Pourtant, si l’on se donne la peine de lire le livre au lieu de regarder seulement la couverture, on découvre tout autre. D’abord, le livre ne concerne même pas la croyance en Dieu ! Il relate une étude de l’auteur sur l’influence d’un gène appelé VMAT2 non pas sur la croyance en Dieu, mais sur un trait que l’on appelle l’auto-transcendance. (…) Deuxièmement, même pour la transcendance de soi, personne n’imagine qu’un seul gène serait impliqué, et l’auteur avoue dans son livre que le titre est faux pour cette raison. D’ailleurs, les variations du VMAT n’expliquent que d’une manière infime l’influence génétique sur ce trait de caractère. (p.55-57)

Que penser des Expériences de Mort Imminente et des visions de lit de mort ? 

Le chrétien que je suis doit-il rejeter ces expériences comme des hallucinations ou les accepter comme preuve d’un monde au-delà de la mort ? 

Globalement, elles ne me semblent que partiellement compatibles avec une doctrine chrétienne standard. Certes, l’expérience d’une lumière ineffable associée à un sentiment d’amour intense rappelle certains versets de la première épître de Jean : « Dieu est lumière » (1 Jean 1.5) et « Dieu est amour » (1 Jean 4.8). La distinction assez claire entre ciel et enfer va aussi dans le sens de la doctrine chrétienne. Aussi, beaucoup de ces EMI et visions impliquent Jésus, des anges ou d’autres figures bibliques. Mais des bouddhistes rapportent parfois une expérience de Bouddha et des Hindous ont parfois une expérience de Krishna. 
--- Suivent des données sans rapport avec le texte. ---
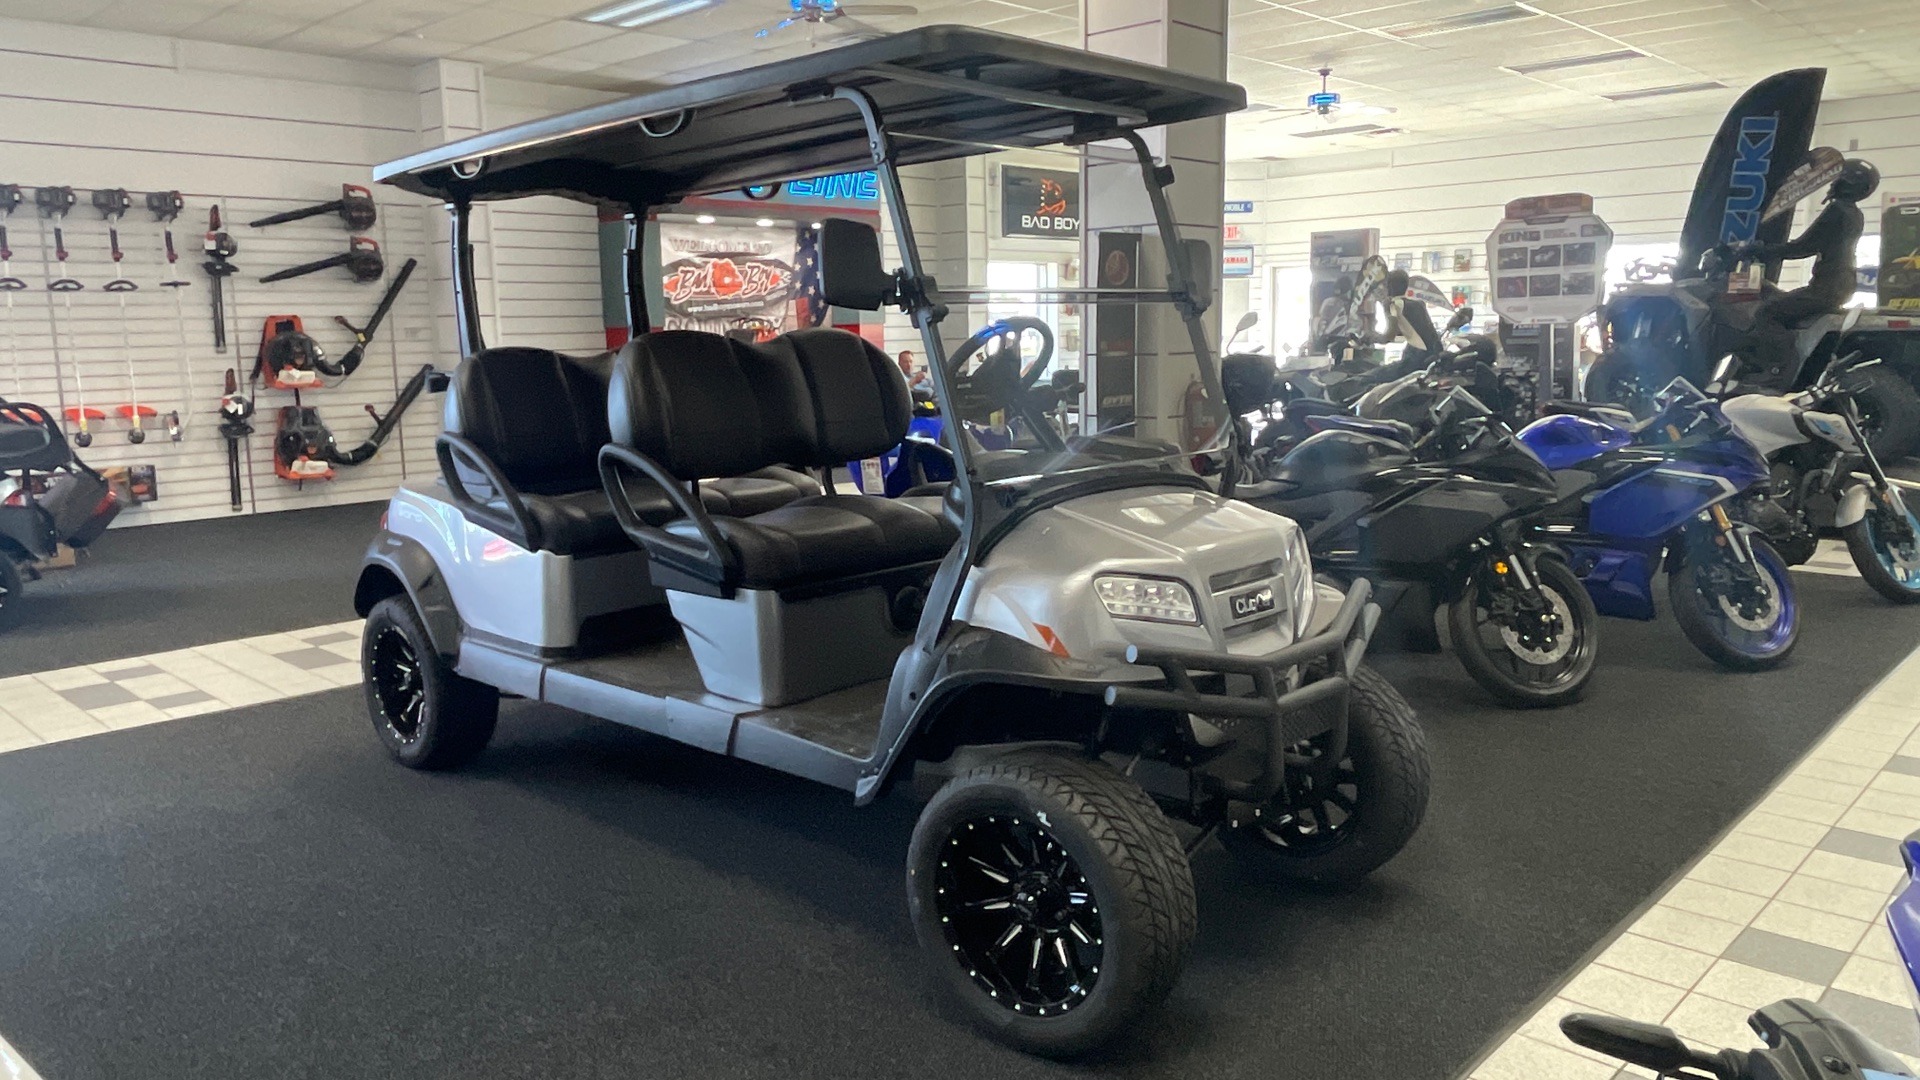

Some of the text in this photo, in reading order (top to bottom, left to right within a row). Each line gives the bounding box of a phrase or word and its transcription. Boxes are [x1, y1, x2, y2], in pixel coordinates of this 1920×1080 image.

[1022, 214, 1080, 230] BAD BOY
[669, 238, 751, 253] WELCOME
Comme mentionné ci-dessus, je pense que, jusqu’à maintenant la véracité des expériences n’a été ni démontrée ni réfutée scientifiquement. Pour le moment je reste ouvert aux deux possibilités. Les expériences pourraient refléter une vraie rencontre avec une réalité de l’au-delà, mais être interprétées selon le système de croyance du sujet qui en a fait l’expérience. Ainsi, un chrétien qui expérimente un être de lumière pourrait l’interpréter comme étant Jésus, mais un Hindou pourrait identifier la même expérience comme étant Krishna. Alternativement, les expériences pourraient être des hallucinations dues à des facteurs psychologiques ou neurochimiques que nous ne comprenons pas encore.  (p.77-78)

Conclusion

Je pense que ce petit livre est vraiment idéal pour introduire chaque chrétien à ce « défi des neurosciences ». Loin de mettre en péril la foi chrétienne, l’auteur nous montre que ces nouvelles découvertes scientifiques doivent au contraire nous pousser à réviser nos préjugés et à approfondir notre réflexion.